I’m not a big fan of pork chops or pork roasts, but this week Stop & Shop had center cut pork loin roasts on sale and for whatever reason I picked one up. I brought it home and then realized that I had to do something with this roast. I looked around for inspiration and decided to do something with rosemary, garlic, and white wine. The result was an incredibly flavorful roast (with a delicious gravy) that surprised both Drew and myself. Better yet — even the boys ate it! Noah took a little coaxing and I allowed him to dip it in ketchup, but he eventually ate his whole slice. I served it with rice, sweet & sour red cabbage and homemade applesauce. I will be making this again, without a doubt.
2-lb. center cut pork loin roast (not pork tenderloin)

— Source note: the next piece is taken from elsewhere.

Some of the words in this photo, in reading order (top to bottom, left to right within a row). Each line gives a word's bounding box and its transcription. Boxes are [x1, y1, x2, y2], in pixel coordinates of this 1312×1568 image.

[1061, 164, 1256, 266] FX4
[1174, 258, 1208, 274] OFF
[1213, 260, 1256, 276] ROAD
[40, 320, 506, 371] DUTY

3 cloves of garlic, minced
1 Tbsp. dried rosemary
1/4 tsp. salt
1/8 tsp. black pepper
1/2 c. dry white wine
Pre-heat your oven to 350 degrees F. In a small bowl, combine the minced garlic, rosemary, salt, and pepper. Add just enough olive oil to make a paste. Set aside. Place your pork in a roasting pan and cut three slits along the top. Season the roast with salt and pepper, then stuff a bit of the rosemary-garlic mixture into each of the slits. Spread the rest of the mixture over the top of the roast. Add the wine to the bottom of the baking dish.

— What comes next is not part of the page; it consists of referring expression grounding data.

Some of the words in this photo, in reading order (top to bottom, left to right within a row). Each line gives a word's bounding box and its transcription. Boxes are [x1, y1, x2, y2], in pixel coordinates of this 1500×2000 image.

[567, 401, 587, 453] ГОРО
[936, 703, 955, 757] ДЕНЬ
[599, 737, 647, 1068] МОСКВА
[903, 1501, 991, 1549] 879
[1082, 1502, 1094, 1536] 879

Bake until the internal temperature of the roast is 160 degrees F (approx. 1.5 hours). Remove the roast to a cutting board and cover with aluminum foil.
To make the gravy, pour the pan drippings into a sauce pan. Scrape any bits of tasty goodness that are stuck to the bottom of the roasting pan. Add one cup of chicken broth and bring to a boil. Turn to medium and sprinkle on some Wondra, whisking constantly to thicken. Add a little more Wondra (remembering to whisk, otherwise you’ll get clumps of flour) until the gravy is your desired thickness. Strain through a mesh sieve and then pour into a gravy separator (whatever it’s called) to separate the grease from the gravy. Serve and enjoy!
That’s right, I plan to start posting here again! I’m hoping for two to three posts per week as I try new recipes. I’d been including recipes in regular blog posts on my personal blog, but I think it might be nice to have everything organized for easy reference. We’ll see how it goes.